--- PROMPT ---
Although the records contain pictures, only their text should be reproduced, exactly as written.

Annotated photo localization data

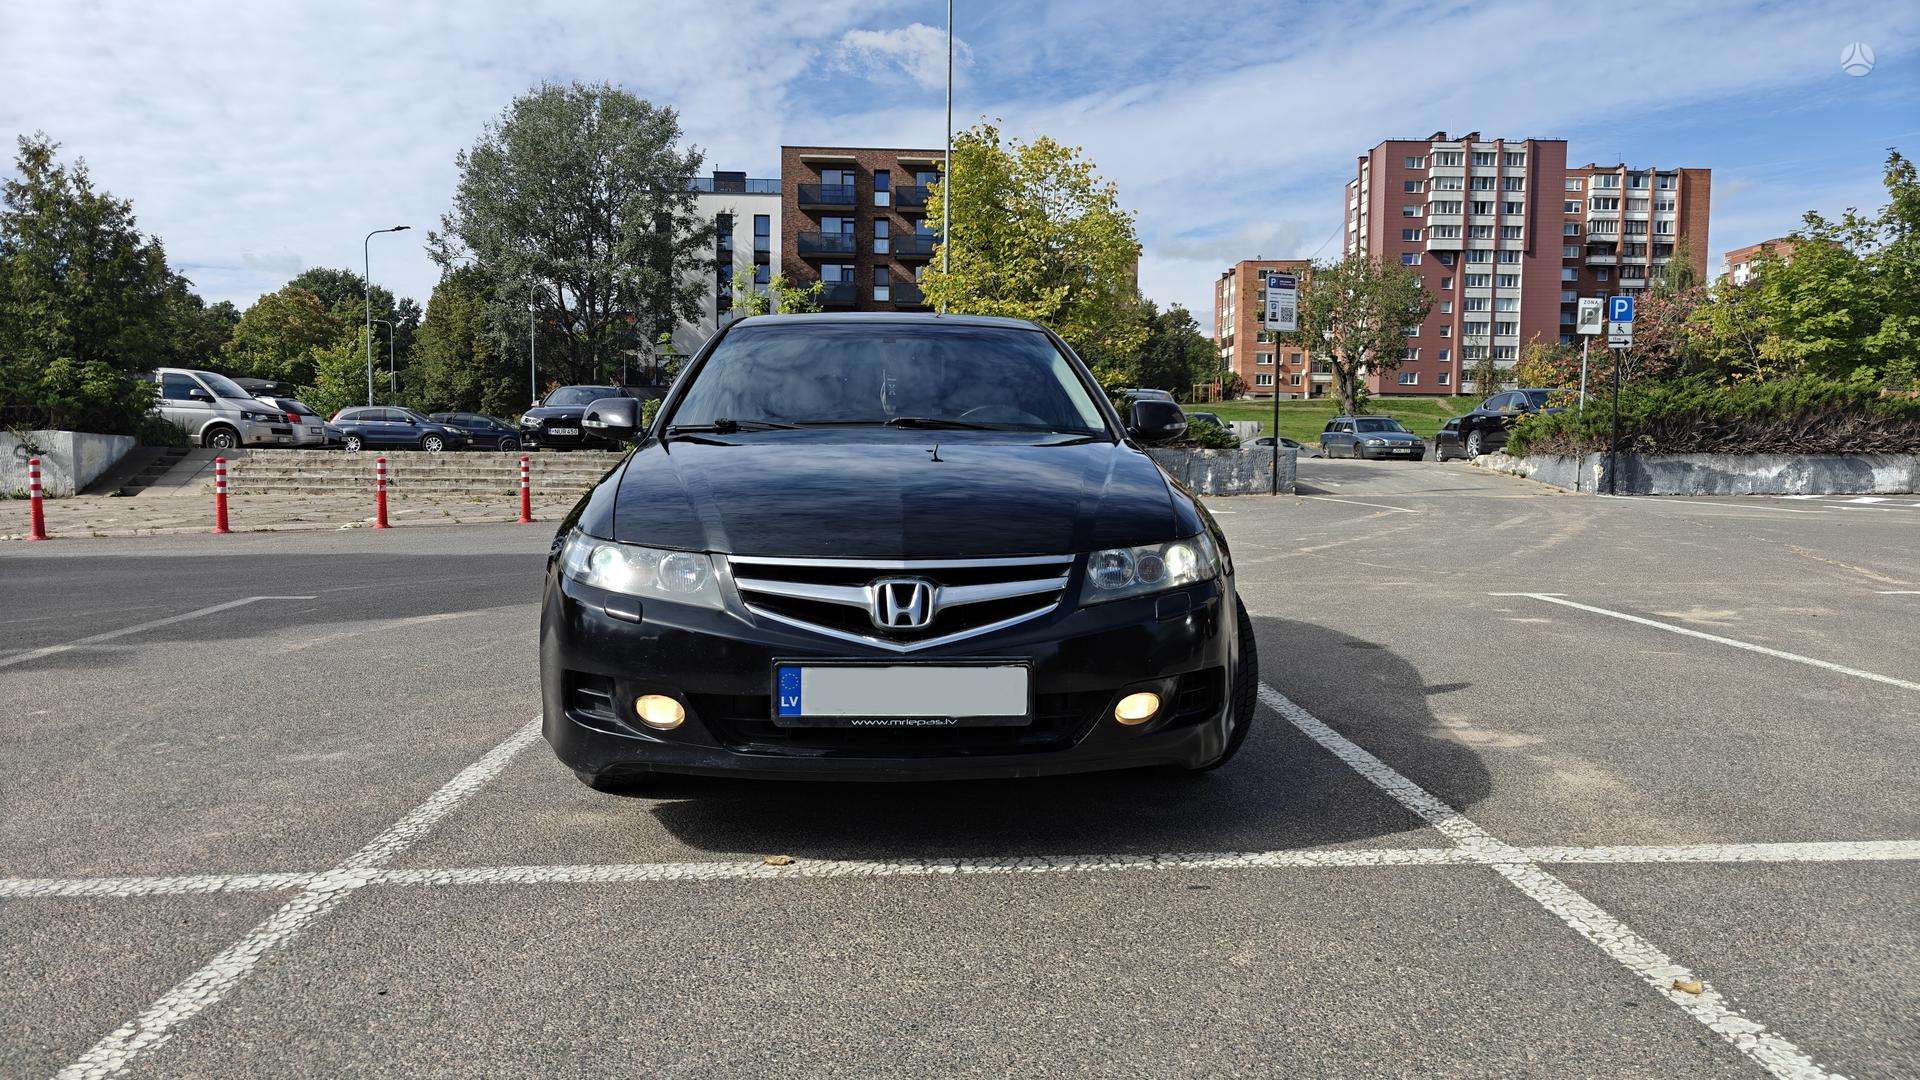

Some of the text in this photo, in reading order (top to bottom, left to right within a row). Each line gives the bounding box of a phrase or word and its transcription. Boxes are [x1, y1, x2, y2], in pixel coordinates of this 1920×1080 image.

[1270, 278, 1276, 286] P
[1585, 308, 1595, 323] P
[1615, 299, 1628, 319] P
[781, 696, 799, 707] LV
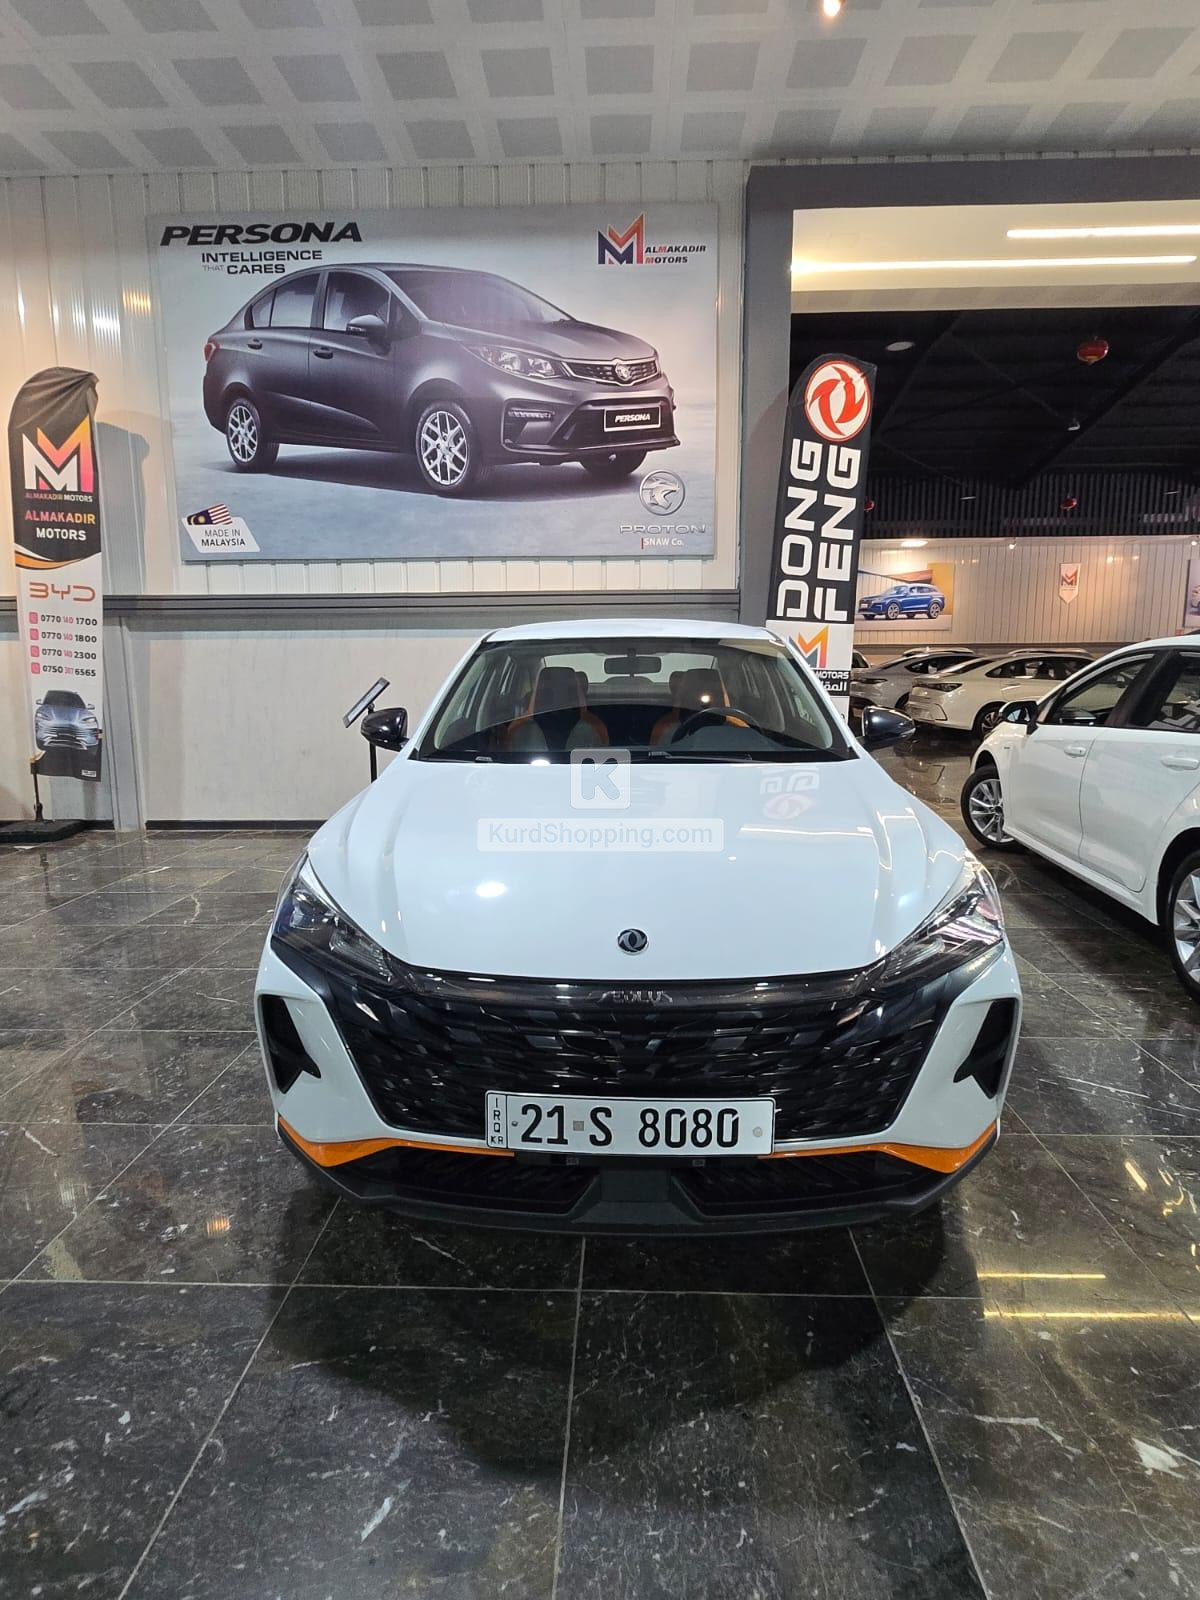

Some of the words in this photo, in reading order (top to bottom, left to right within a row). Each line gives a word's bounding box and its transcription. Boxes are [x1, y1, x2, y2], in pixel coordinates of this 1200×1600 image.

[160, 222, 362, 246] PERSONA
[645, 245, 706, 253] ALMAKADIR
[202, 250, 322, 263] INTELLIGENCE
[645, 256, 688, 264] MOTORS
[227, 263, 286, 275] CARES
[615, 413, 651, 423] PERSONA
[64, 494, 93, 502] MOTORS
[24, 510, 96, 525] ALMAKADIR
[36, 527, 87, 541] MOTORS
[205, 529, 229, 537] MADE
[232, 529, 240, 537] IN
[620, 525, 706, 534] PROTON
[776, 438, 823, 618] DONG
[813, 444, 861, 621] FENG
[29, 582, 96, 602] BYD
[40, 614, 62, 623] 0770
[75, 617, 98, 626] 1700
[41, 631, 62, 639] 0770
[75, 634, 97, 643] 1800
[41, 648, 62, 657] 0770
[74, 651, 97, 660] 2300
[42, 665, 64, 673] 0750
[521, 1104, 568, 1145] 21
[589, 1107, 613, 1147] S
[638, 1108, 739, 1148] 8080
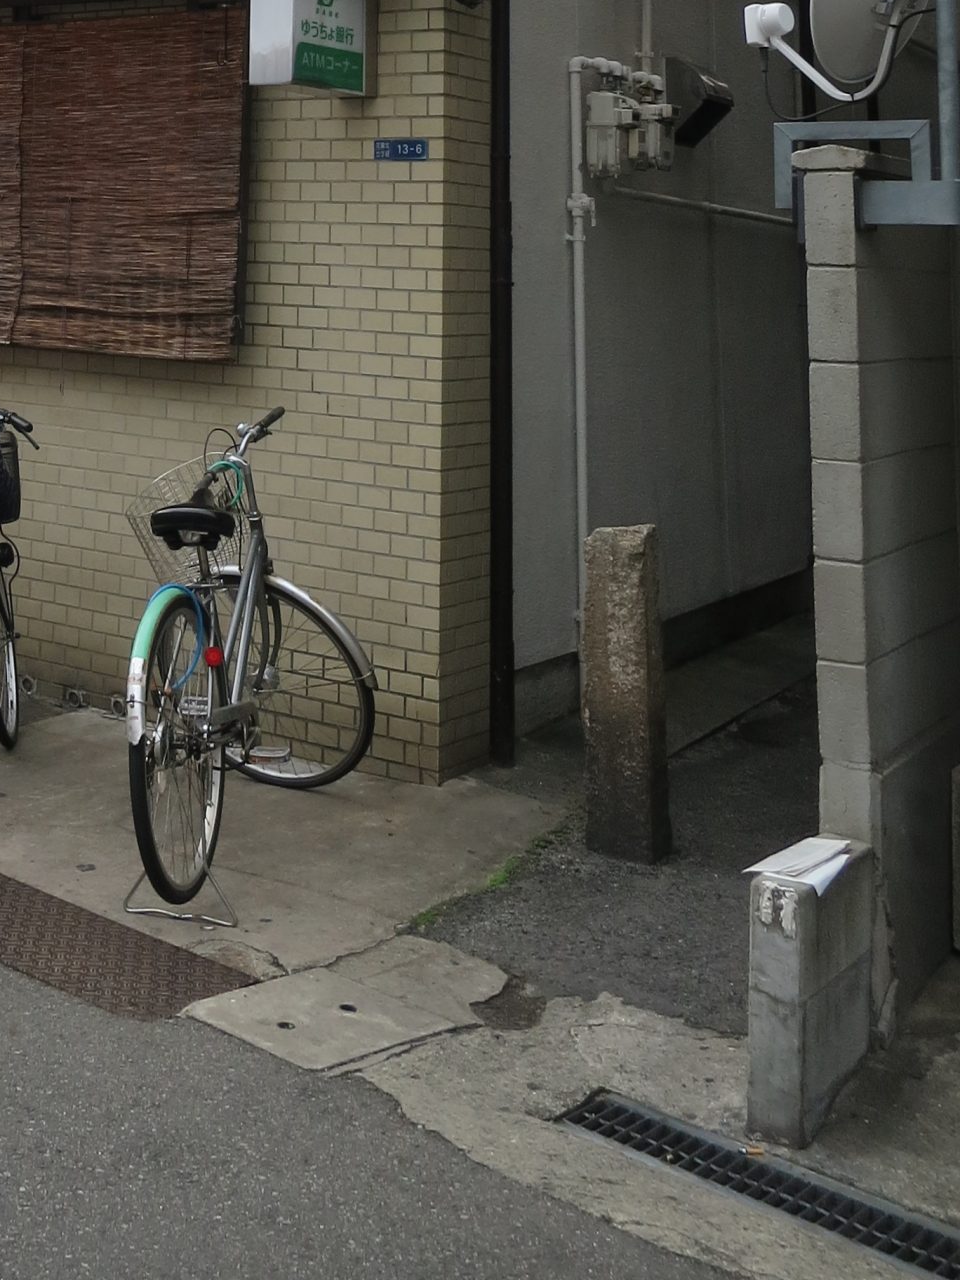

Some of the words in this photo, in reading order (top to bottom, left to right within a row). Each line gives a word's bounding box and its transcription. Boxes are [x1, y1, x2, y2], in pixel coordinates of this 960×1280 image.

--- RESULT FOR THIS TASK ---
Some of the text in this photo, in reading order (top to bottom, left to right within a row). Each line gives the bounding box of a phrase or word and its transcription. Boxes are [x1, y1, x2, y2], in pixel coordinates of this 1920×1080 image.

[1270, 278, 1276, 286] P
[1585, 308, 1595, 323] P
[1615, 299, 1628, 319] P
[781, 696, 799, 707] LV

Some of the words in this photo, in reading order (top to bottom, left to right within a row). Each line gives a word's bounding box and its transcription. Boxes are [x1, y1, x2, y2], in pixel coordinates of this 1200×1600 image.

[160, 222, 362, 246] PERSONA
[645, 245, 706, 253] ALMAKADIR
[202, 250, 322, 263] INTELLIGENCE
[645, 256, 688, 264] MOTORS
[227, 263, 286, 275] CARES
[615, 413, 651, 423] PERSONA
[64, 494, 93, 502] MOTORS
[24, 510, 96, 525] ALMAKADIR
[36, 527, 87, 541] MOTORS
[205, 529, 229, 537] MADE
[232, 529, 240, 537] IN
[620, 525, 706, 534] PROTON
[776, 438, 823, 618] DONG
[813, 444, 861, 621] FENG
[29, 582, 96, 602] BYD
[40, 614, 62, 623] 0770
[75, 617, 98, 626] 1700
[41, 631, 62, 639] 0770
[75, 634, 97, 643] 1800
[41, 648, 62, 657] 0770
[74, 651, 97, 660] 2300
[42, 665, 64, 673] 0750
[521, 1104, 568, 1145] 21
[589, 1107, 613, 1147] S
[638, 1108, 739, 1148] 8080

Some of the words in this photo, in reading order (top to bottom, left to right within a row). Each line gives a word's bounding box and its transcription. Boxes are [x1, y1, x2, y2], in pixel coordinates of this 960×1280 image.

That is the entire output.